Ultimately, addressing the complexities of wildfire mitigation in the CDF zone will require 1) inter-jurisdictional land management to build community resilience and 2) the introduction (and reintroduction) of ecologically-informed land management practices, such as prescribed fire, thinning and ground fuel management strategies to recover ecological integrity on the landscape

Conclusion

In the CDF, and indeed across BC, a fundamental change in the relationship between forests, fire, and people is needed. The zero fire model (i.e., suppression) has failed and it is time to set new goals. Unfortunately, no one solution will work for all situations. The experts involved in the preparation of this workshop agree that education and generational effort will be central to ensuring that forest health is enhanced while risk of catastrophic fire is reduced in years to come. 

Though there are challenges to working in a multi-jurisdictional context, without collaboration efficacy will be limited. One landholder stewarding their property does not make much difference if their neighbour mismanages theirs. Collaboration and partnerships among stakeholders, including First Nation and other governments, local communities, NGOs, and the private sector, are crucial for effective forest management and conservation. Sharing resources, working together, and investing in the future of CDF forests and associated ecosystems for a variety of  values will be important steps forward. These ecosystems have historically done much to support human communities, but colonial landscape management approaches over the past 100+ years have given ecological integrity little consideration. It is time to learn from lessons from the past and look to the future. 

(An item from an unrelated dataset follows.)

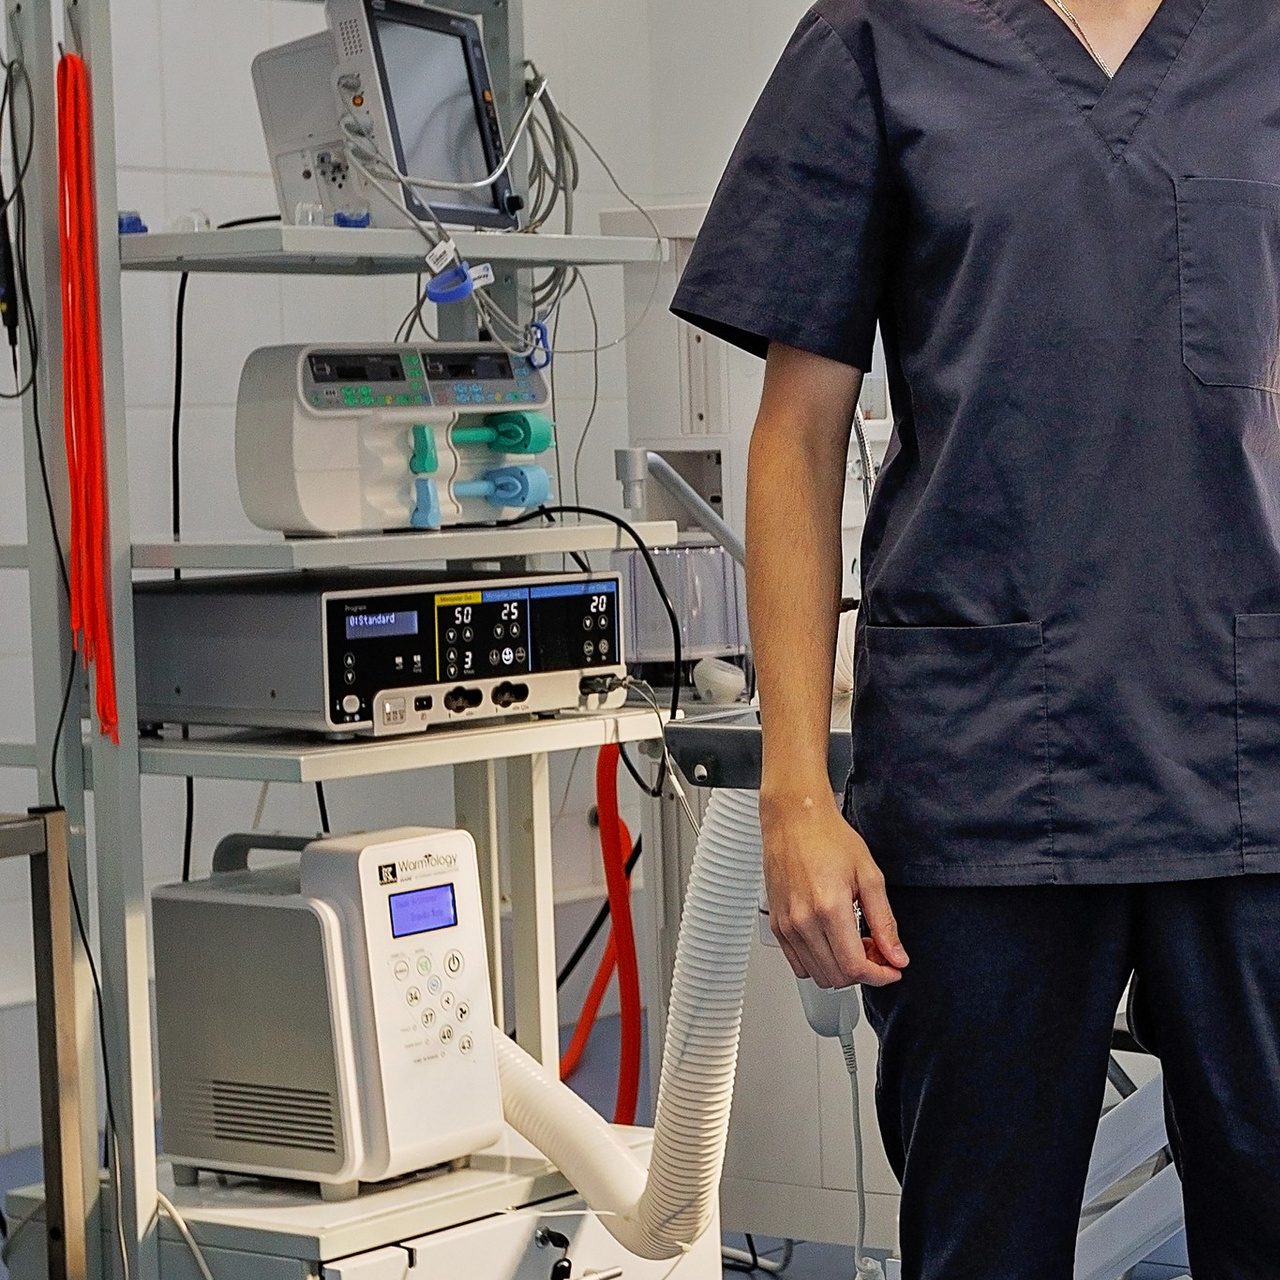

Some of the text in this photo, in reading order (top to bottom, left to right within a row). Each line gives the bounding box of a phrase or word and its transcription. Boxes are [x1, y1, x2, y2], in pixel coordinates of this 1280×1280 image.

[501, 602, 518, 620] 25
[590, 595, 607, 613] 20
[454, 606, 472, 625] 50
[464, 651, 472, 669] 3

Appendix I: Key challenges and proposed solutions

The tables below contain detailed explanations of key challenges and proposed solutions identified in the workshop and associated discussions. They are coded red or yellow based on timescale. Red-coded challenges require immediate attention to address wildfire risk in the short-term, while yellow-coded challenges will likely require more time to address. A yellow code does not necessarily mean lower priority.

Key things to remember in reviewing this section of the report:

  • Challenges within each colour code have been assembled in no particular order.
  • Some challenges yielded fewer potential solutions than others. 
  • Some proposed solutions are not applicable in all cases, while others are applicable in multiple. 
  • Some solutions will require further development to address the associated challenge.

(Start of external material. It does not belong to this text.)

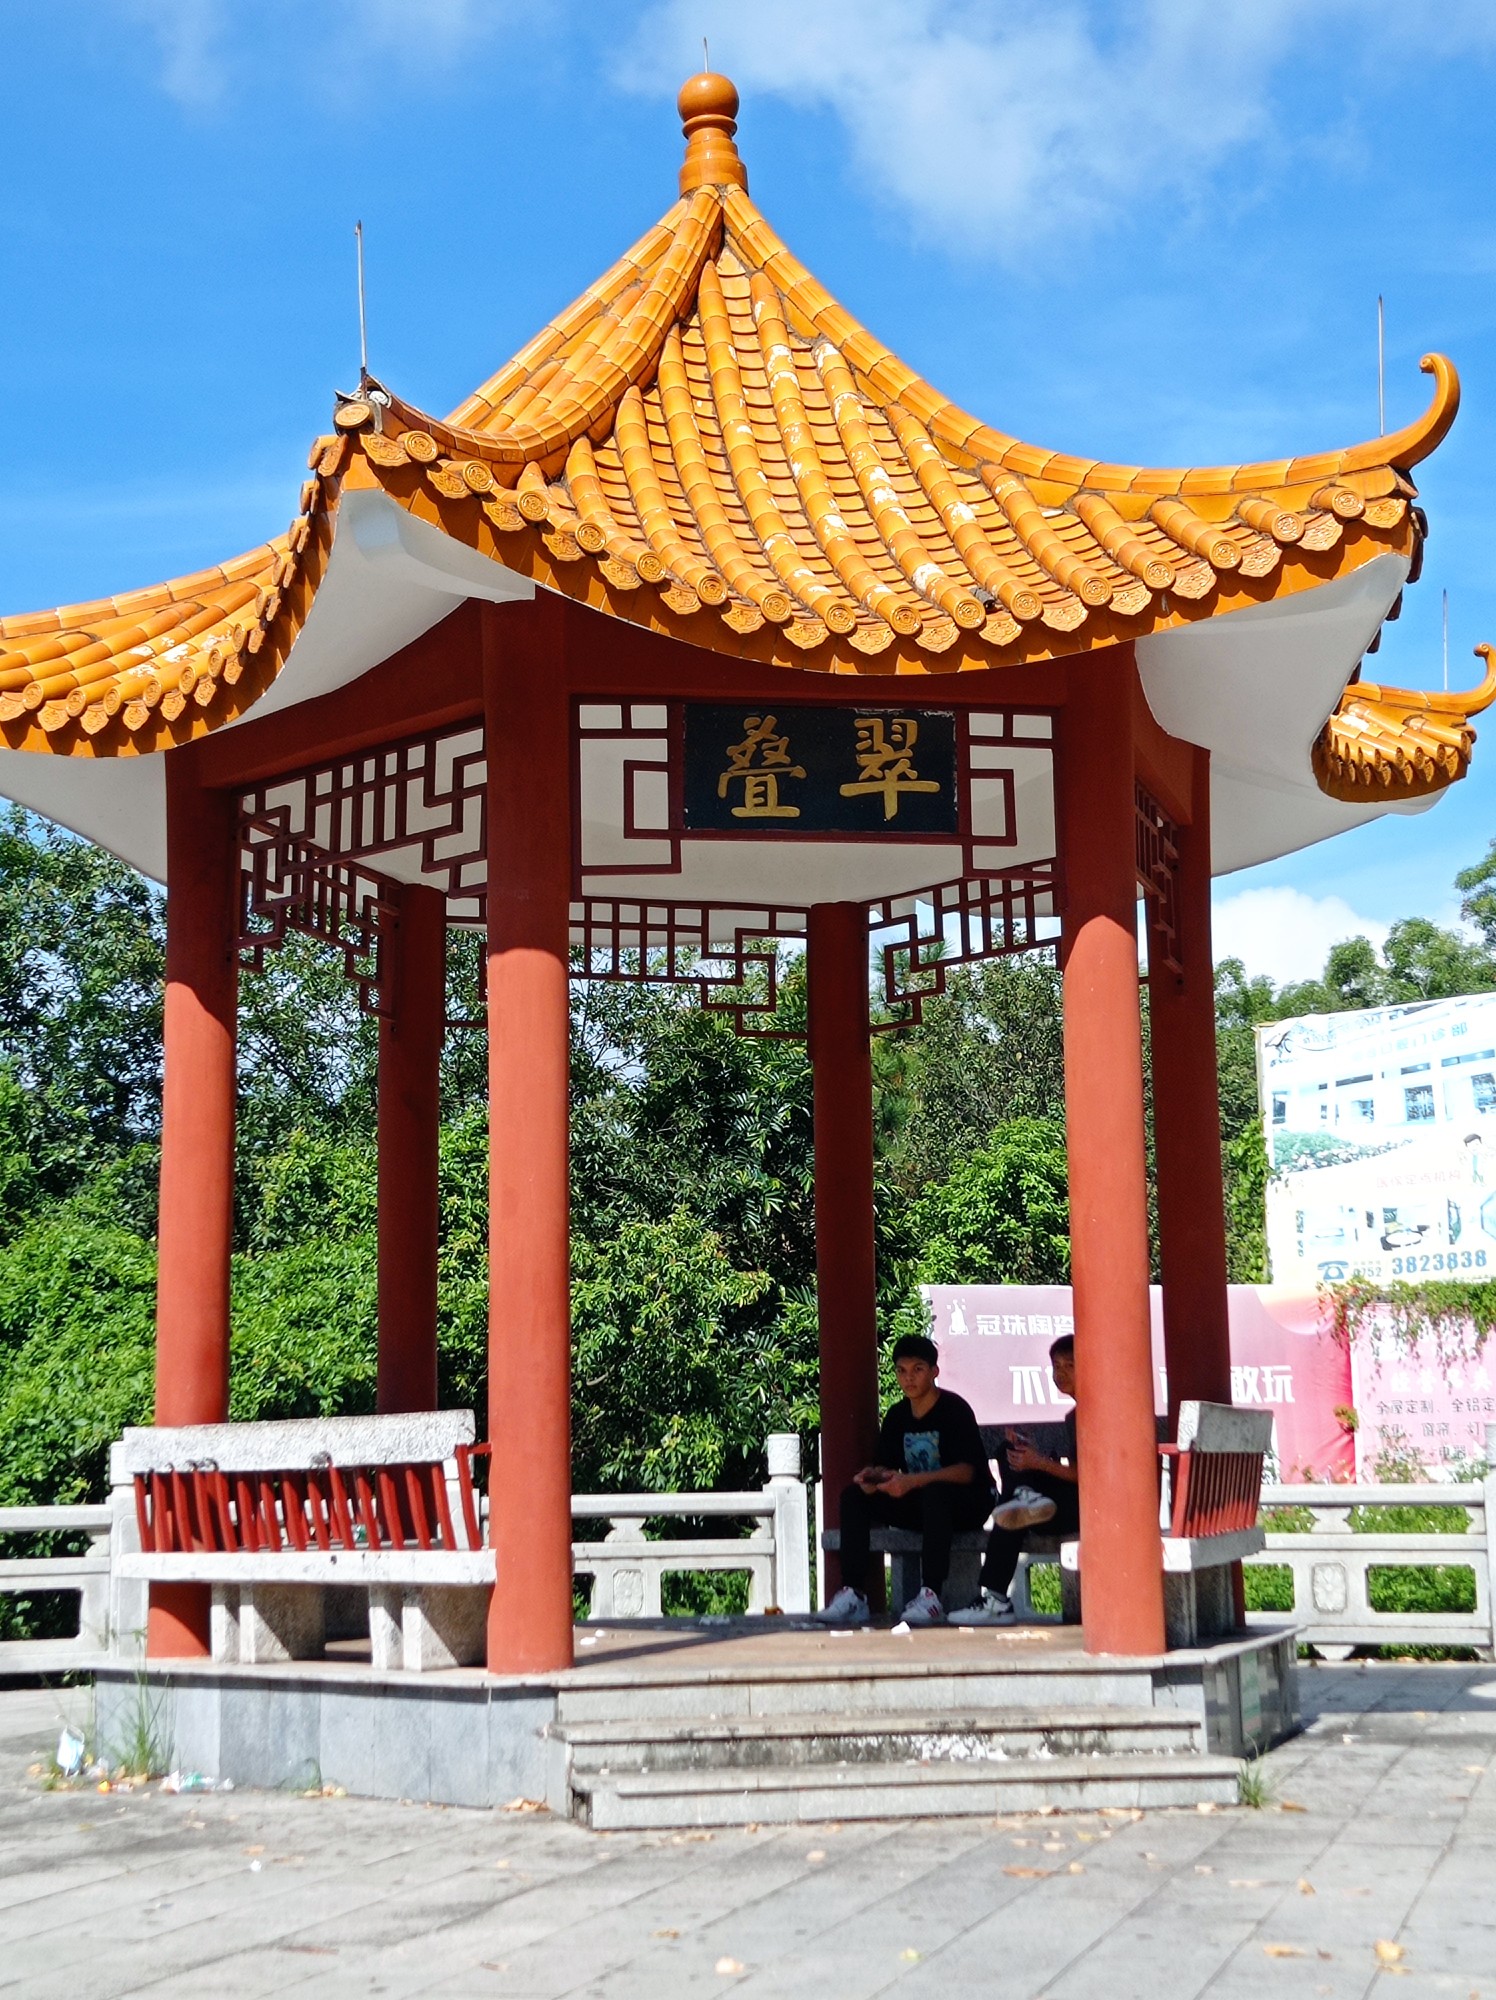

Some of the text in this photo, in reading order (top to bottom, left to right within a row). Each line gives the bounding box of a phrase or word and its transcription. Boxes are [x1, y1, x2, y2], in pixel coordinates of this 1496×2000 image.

Ultimately, each challenge identified will be a focal point for ongoing work in the days following these early gatherings of experts and practitioners from across the CDF zone.

Key Challenge # 1: The CDF is a multi-jurisdictional landscape with few tools/resources available for preventing fire risk and enhancing ecological integrity on private land

Considerations

  • The amount of industrial-scale forestry occurring in the CDF zone has dramatically decreased in the last 20 years, but little remediation has occurred.
  • The majority of land within the CDF is privately held, yet there are no site-specific programs in place to include landholders in efforts to reduce fire risk beyond the more generalized FireSmart program.
    • How can resources and support be provided to private landholders to holistically address wildfire risk, that is, by considering values beyond just built infrastructure (i.e., community and sociocultural values (e.g. water protection) and linked landscape-level  issues (e.g., erosion))?
    • Who will provide support and resources?
  • Though there is a high capacity for collaboration and cooperation on fuel management techniques and other treatment options with the BCWS, and the CRD Fire and Emergency Program has just completed a Community Wildfire Resiliency Plan, jurisdictional mandates are directed largely at crown lands and built infrastructure on private land.  A broadening of mandates to include multiple objectives and values beyond just wildfire hazard and risk reduction would be required to allow agencies like the CRD, BCWS, Fire Rescue Services, Emergency Management BC, and provincial ministries to better support private landholders. Operative questions are:
    • What would be required to expand existing programs to private lands?
    • How can this best be achieved in light of climate change and extreme weather events?

Proposed Solutions

  • Development Permit Areas for wildfire.
    • Option 1: An educational model providing resources and support.
    • Option 2: A regulatory model that requires certain ecologically-informed treatments/ interventions in areas identified as being at high risk of fire.
  • Development standards for new development/buildings.
    • Official Community Plans could consider the placement of new buildings and/or subdivisions to ensure they are built in areas of low fire hazard (and with fire resistance and resilience in mind).
  • FireSmart Critical Infrastructure programming:
    • Continue to support replacement of old infrastructure with new, fire-resistant alternatives (e.g. replace old shake roof with metal roof).
  • Legislation to require fire preparedness, emergency evacuation routes, ecologically-informed land management practices, etc.
  • Pilot or demonstration sites that include participation by fire managers and responsible authorities from different organisations – with the aim of identifying techniques, policies, and educational resources that can aid private land holders.
  • Funding program that provides incentives and information for private landholders, similar to the FireSmart for Farms provincial test project. 
  • Education programs for private landholders and managers that consider multiple goals (i.e., those of Island Trust, CRD, conservancies/land trusts, foresters, watershed organisations, etc). 
  • Most of the mandate letters for BC Ministers (Finance, Forests, Environment, Emergency Management, Agriculture, Municipal Affairs, and Land, Water, and Resource Stewardship, etc) include a statement about community health and resiliency.  Resiliency should include social, environmental, and economic values.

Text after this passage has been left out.